● WORK INSTRUCTIONS
Every line below needs to be printed again exactly, without any of its pictures.

*** Opening ENTRIES PROVIDED ***

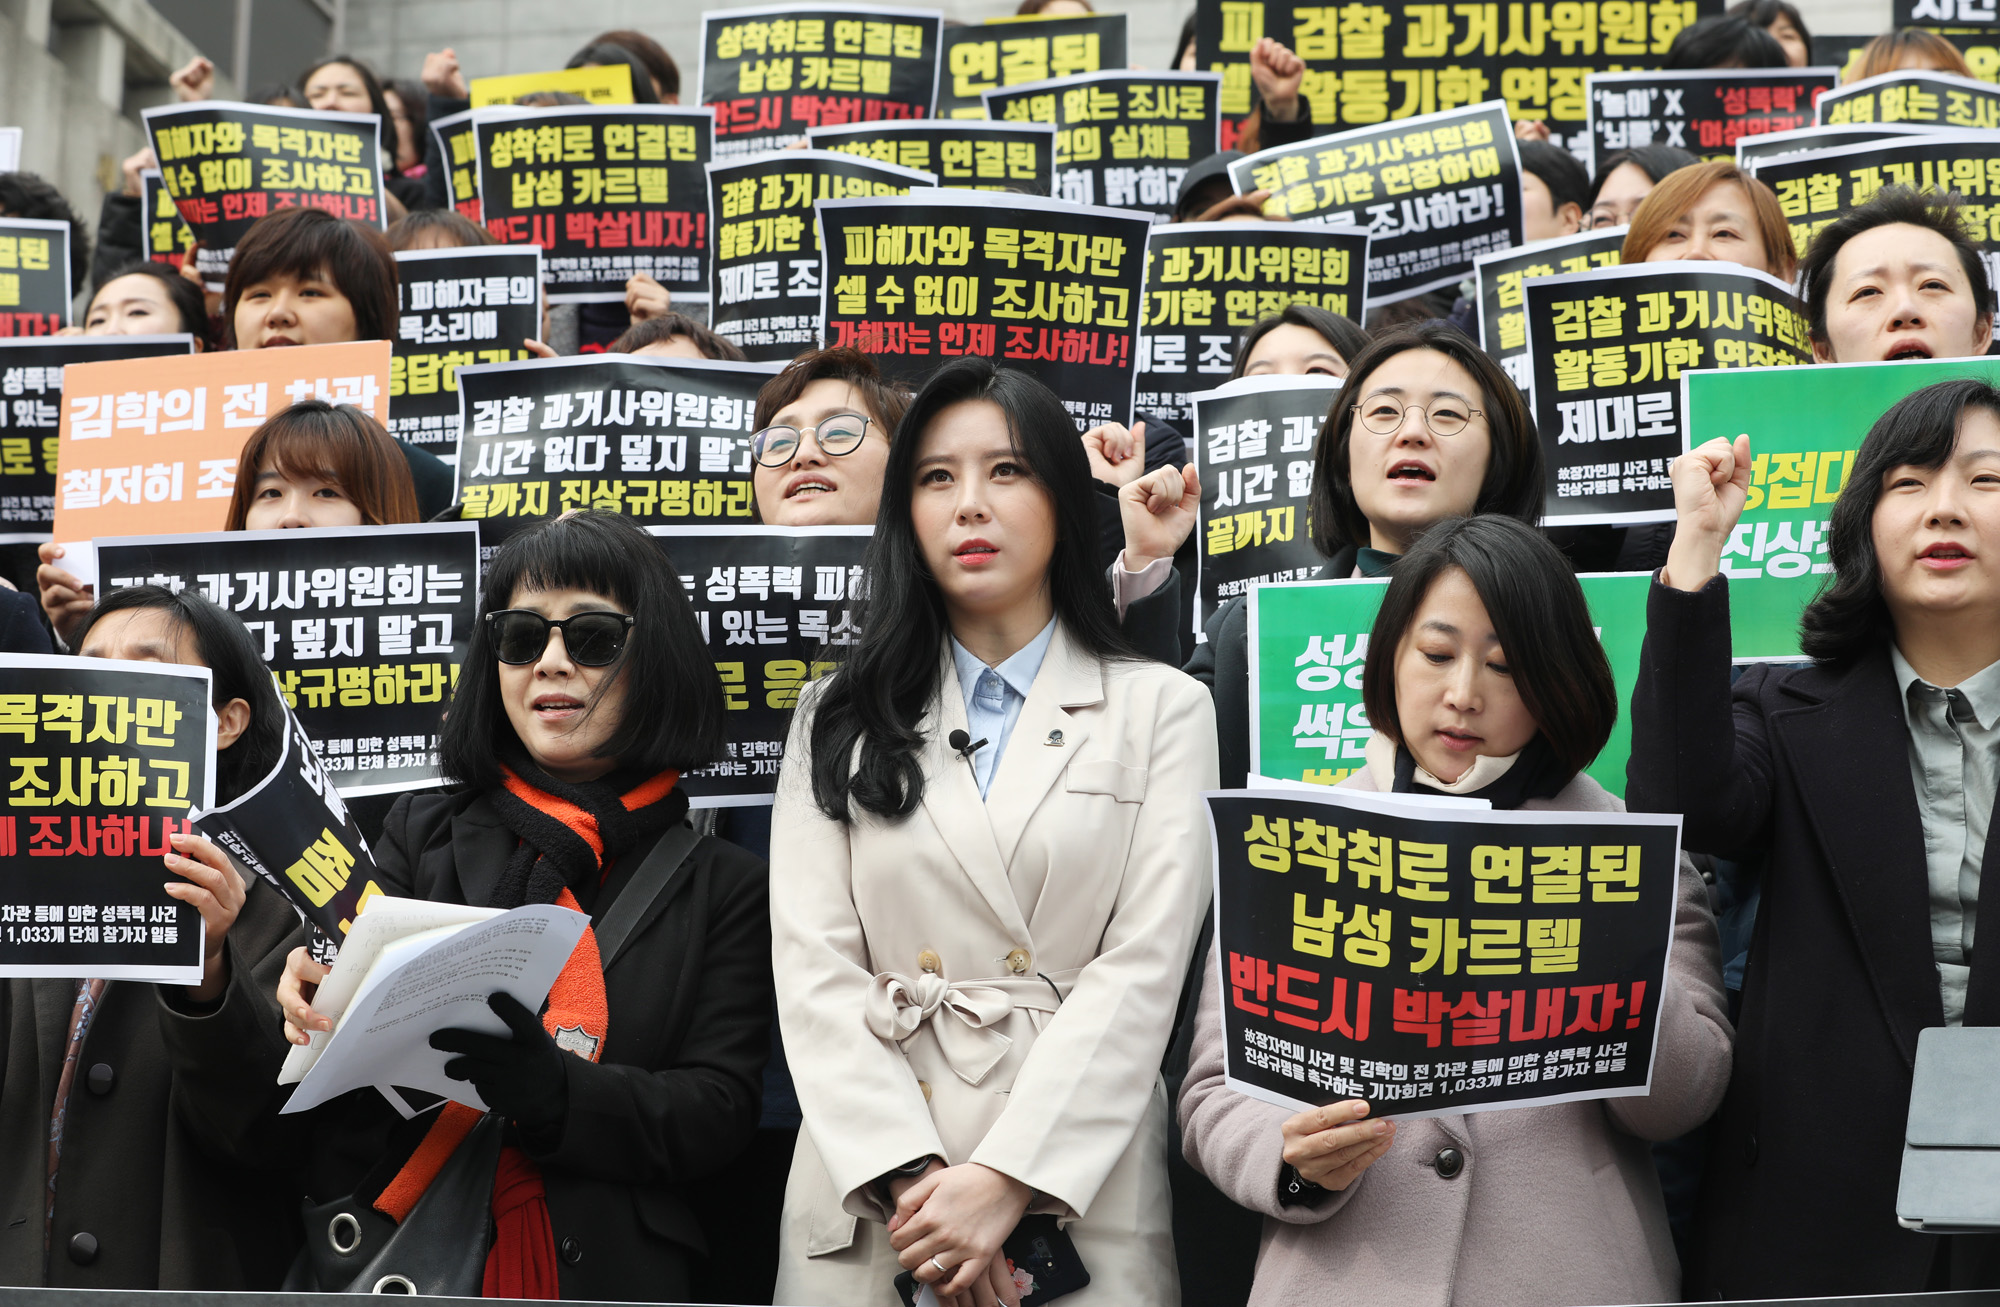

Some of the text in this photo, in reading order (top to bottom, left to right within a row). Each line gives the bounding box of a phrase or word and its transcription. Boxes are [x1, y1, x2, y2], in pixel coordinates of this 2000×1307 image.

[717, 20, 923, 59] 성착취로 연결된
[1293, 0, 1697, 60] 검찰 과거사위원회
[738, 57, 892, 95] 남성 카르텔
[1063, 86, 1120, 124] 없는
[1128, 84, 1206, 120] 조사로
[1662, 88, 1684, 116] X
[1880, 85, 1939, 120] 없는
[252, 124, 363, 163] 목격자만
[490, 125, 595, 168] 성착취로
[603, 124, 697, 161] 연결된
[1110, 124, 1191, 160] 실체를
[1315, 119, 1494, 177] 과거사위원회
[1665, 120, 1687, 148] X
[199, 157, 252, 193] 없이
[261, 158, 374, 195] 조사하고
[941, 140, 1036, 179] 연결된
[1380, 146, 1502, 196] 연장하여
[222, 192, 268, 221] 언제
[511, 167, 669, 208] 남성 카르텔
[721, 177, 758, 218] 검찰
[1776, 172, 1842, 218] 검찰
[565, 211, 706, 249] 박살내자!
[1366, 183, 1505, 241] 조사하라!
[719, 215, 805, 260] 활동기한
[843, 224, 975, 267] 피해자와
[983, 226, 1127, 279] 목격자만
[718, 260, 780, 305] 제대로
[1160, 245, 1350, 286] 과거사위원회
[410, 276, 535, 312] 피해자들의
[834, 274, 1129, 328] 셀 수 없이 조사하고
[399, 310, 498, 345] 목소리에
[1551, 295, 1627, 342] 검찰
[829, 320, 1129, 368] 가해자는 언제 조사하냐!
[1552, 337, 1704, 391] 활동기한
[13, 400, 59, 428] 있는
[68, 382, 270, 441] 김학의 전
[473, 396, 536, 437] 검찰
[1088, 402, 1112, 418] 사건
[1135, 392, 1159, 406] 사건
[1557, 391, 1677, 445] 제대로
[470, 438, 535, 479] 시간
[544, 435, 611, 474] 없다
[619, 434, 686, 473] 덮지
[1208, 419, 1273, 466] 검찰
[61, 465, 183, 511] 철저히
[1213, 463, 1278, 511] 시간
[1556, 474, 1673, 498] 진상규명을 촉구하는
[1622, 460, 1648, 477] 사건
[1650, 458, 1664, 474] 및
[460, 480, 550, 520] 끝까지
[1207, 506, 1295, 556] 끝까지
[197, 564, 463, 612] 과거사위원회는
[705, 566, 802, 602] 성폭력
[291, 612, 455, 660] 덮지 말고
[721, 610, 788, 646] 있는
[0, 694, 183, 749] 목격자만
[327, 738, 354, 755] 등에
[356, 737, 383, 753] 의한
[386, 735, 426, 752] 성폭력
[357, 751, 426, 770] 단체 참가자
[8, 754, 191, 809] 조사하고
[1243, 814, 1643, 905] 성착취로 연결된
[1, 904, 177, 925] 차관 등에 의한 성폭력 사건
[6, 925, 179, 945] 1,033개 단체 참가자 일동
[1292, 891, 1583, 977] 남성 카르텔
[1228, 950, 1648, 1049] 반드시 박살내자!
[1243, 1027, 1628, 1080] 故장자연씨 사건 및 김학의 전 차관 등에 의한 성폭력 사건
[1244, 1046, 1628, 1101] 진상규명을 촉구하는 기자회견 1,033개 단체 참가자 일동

*** Closing ENTRIES PROVIDED ***

● RESULT OF THIS TASK
Some of the text in this photo, in reading order (top to bottom, left to right within a row). Each line gives the bounding box of a phrase or word and its transcription. Boxes are [x1, y1, x2, y2], in pixel coordinates of this 2000×1307 image.

[717, 20, 923, 59] 성착취로 연결된
[1293, 0, 1697, 60] 검찰 과거사위원회
[738, 57, 892, 95] 남성 카르텔
[1063, 86, 1120, 124] 없는
[1128, 84, 1206, 120] 조사로
[1662, 88, 1684, 116] X
[1880, 85, 1939, 120] 없는
[252, 124, 363, 163] 목격자만
[490, 125, 595, 168] 성착취로
[603, 124, 697, 161] 연결된
[1110, 124, 1191, 160] 실체를
[1315, 119, 1494, 177] 과거사위원회
[1665, 120, 1687, 148] X
[199, 157, 252, 193] 없이
[261, 158, 374, 195] 조사하고
[941, 140, 1036, 179] 연결된
[1380, 146, 1502, 196] 연장하여
[222, 192, 268, 221] 언제
[511, 167, 669, 208] 남성 카르텔
[721, 177, 758, 218] 검찰
[1776, 172, 1842, 218] 검찰
[565, 211, 706, 249] 박살내자!
[1366, 183, 1505, 241] 조사하라!
[719, 215, 805, 260] 활동기한
[843, 224, 975, 267] 피해자와
[983, 226, 1127, 279] 목격자만
[718, 260, 780, 305] 제대로
[1160, 245, 1350, 286] 과거사위원회
[410, 276, 535, 312] 피해자들의
[834, 274, 1129, 328] 셀 수 없이 조사하고
[399, 310, 498, 345] 목소리에
[1551, 295, 1627, 342] 검찰
[829, 320, 1129, 368] 가해자는 언제 조사하냐!
[1552, 337, 1704, 391] 활동기한
[13, 400, 59, 428] 있는
[68, 382, 270, 441] 김학의 전
[473, 396, 536, 437] 검찰
[1088, 402, 1112, 418] 사건
[1135, 392, 1159, 406] 사건
[1557, 391, 1677, 445] 제대로
[470, 438, 535, 479] 시간
[544, 435, 611, 474] 없다
[619, 434, 686, 473] 덮지
[1208, 419, 1273, 466] 검찰
[61, 465, 183, 511] 철저히
[1213, 463, 1278, 511] 시간
[1556, 474, 1673, 498] 진상규명을 촉구하는
[1622, 460, 1648, 477] 사건
[1650, 458, 1664, 474] 및
[460, 480, 550, 520] 끝까지
[1207, 506, 1295, 556] 끝까지
[197, 564, 463, 612] 과거사위원회는
[705, 566, 802, 602] 성폭력
[291, 612, 455, 660] 덮지 말고
[721, 610, 788, 646] 있는
[0, 694, 183, 749] 목격자만
[327, 738, 354, 755] 등에
[356, 737, 383, 753] 의한
[386, 735, 426, 752] 성폭력
[357, 751, 426, 770] 단체 참가자
[8, 754, 191, 809] 조사하고
[1243, 814, 1643, 905] 성착취로 연결된
[1, 904, 177, 925] 차관 등에 의한 성폭력 사건
[6, 925, 179, 945] 1,033개 단체 참가자 일동
[1292, 891, 1583, 977] 남성 카르텔
[1228, 950, 1648, 1049] 반드시 박살내자!
[1243, 1027, 1628, 1080] 故장자연씨 사건 및 김학의 전 차관 등에 의한 성폭력 사건
[1244, 1046, 1628, 1101] 진상규명을 촉구하는 기자회견 1,033개 단체 참가자 일동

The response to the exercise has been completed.